Steinberg, who has died aged 95, discovered that drugs’ interactions with other drugs and with the chemicals produced by our own brain are unpredictable. “Whatever you administer, you may disturb something else as well,” she concluded, adding: “The drugs companies on the whole don’t like that concept.”

While conducting experiments on laboratory rats, Steinberg found that, when given Drinamyl the animals became hyperactive – because the barbiturate made the amphetamine even more powerful instead of neutralising it. She also discovered that the emotional situation of the subject – whether it was relaxed or stressed – profoundly influenced the result.

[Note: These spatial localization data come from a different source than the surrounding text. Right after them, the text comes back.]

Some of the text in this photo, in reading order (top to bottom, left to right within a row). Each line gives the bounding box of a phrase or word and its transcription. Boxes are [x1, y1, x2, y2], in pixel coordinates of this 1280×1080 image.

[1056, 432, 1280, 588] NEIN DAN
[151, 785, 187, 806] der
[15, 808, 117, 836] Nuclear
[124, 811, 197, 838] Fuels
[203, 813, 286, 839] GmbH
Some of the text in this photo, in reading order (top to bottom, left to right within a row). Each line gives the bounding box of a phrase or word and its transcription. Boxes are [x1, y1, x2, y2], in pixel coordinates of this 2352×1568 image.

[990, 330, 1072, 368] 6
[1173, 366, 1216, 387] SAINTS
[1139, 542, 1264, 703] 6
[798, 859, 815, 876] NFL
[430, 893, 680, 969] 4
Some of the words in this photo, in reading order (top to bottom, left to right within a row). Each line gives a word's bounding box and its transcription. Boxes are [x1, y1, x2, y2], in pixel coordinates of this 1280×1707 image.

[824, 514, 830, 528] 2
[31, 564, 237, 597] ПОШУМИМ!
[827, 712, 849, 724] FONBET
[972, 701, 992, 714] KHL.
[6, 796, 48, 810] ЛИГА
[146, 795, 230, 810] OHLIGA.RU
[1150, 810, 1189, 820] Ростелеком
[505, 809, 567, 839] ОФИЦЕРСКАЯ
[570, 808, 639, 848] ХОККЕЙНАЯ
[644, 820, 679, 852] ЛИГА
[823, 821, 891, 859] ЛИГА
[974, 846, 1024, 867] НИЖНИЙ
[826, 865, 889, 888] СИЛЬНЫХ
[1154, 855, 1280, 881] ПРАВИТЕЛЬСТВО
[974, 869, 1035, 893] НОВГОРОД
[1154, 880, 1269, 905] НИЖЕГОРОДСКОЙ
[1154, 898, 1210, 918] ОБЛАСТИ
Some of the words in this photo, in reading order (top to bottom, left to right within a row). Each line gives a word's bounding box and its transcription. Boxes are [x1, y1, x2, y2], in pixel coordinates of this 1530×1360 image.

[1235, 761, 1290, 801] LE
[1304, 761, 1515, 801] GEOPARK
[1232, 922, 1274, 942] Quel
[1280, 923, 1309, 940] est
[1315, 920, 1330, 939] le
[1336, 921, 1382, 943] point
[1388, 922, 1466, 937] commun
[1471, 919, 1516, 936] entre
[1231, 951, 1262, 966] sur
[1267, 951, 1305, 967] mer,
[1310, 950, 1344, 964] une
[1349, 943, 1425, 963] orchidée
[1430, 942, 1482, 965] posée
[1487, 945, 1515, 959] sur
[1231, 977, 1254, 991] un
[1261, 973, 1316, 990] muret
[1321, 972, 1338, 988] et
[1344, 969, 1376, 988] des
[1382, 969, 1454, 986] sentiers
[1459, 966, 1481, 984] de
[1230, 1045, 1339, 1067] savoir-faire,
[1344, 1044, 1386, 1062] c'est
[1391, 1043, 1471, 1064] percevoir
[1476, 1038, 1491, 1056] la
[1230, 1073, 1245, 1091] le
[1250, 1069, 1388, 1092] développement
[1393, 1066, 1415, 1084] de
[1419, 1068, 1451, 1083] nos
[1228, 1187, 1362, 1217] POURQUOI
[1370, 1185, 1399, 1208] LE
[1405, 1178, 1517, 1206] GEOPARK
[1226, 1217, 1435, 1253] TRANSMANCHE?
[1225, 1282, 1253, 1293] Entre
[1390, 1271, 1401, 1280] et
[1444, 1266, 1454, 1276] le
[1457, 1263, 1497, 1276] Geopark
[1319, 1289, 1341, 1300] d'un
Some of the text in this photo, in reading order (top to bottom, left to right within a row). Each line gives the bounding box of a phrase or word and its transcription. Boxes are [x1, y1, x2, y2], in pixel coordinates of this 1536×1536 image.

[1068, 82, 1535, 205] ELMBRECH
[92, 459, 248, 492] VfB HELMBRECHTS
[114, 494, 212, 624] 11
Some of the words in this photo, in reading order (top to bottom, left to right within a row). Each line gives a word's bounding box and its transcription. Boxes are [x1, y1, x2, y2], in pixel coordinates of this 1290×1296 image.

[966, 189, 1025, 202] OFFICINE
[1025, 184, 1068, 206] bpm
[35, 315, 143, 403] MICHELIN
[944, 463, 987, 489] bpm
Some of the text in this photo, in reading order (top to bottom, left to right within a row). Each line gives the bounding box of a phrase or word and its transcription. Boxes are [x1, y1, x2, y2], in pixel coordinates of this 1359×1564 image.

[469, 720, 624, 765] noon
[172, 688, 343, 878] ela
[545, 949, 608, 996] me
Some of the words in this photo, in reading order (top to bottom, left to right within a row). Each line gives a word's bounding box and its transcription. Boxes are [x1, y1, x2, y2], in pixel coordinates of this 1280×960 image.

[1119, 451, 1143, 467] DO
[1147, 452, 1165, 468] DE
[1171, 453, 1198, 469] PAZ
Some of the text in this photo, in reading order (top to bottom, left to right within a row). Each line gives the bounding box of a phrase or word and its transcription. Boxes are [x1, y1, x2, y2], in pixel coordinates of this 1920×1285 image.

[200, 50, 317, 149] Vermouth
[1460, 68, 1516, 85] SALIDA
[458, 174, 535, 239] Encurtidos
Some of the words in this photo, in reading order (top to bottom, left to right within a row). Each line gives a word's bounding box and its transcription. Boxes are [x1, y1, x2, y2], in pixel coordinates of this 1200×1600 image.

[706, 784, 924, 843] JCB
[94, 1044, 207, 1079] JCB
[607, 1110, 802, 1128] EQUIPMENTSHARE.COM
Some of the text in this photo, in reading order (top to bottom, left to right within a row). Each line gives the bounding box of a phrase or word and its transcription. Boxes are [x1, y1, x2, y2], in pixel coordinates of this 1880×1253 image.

Later on in her career, she studied the emotional impact of exercise, showing that regular exercise increases well-being and enhances creativity, but that it can also become addictive, something which is widely accepted today.

Hannah Ruth Steinberg was the daughter of Marie Wein and Michael Steinberg, a well-to-do Vienna lawyer. At first, hers was a comfortable, middle-class upbringing but by the time she was 14 things turned nasty.

After she was shamed in front of her classmates as an example of an inferior race, her parents didn’t wait for the situation to get even worse and in December,1938 they put her on a train to England, one of the first children on the Kindertransport.

She was safe but with her only child gone, her mother felt there was nothing left for her and committed suicide. Her father made his way on foot to Italy where he sailed to Tel Aviv and a new life. The two lost touch and only met again, once, several years later.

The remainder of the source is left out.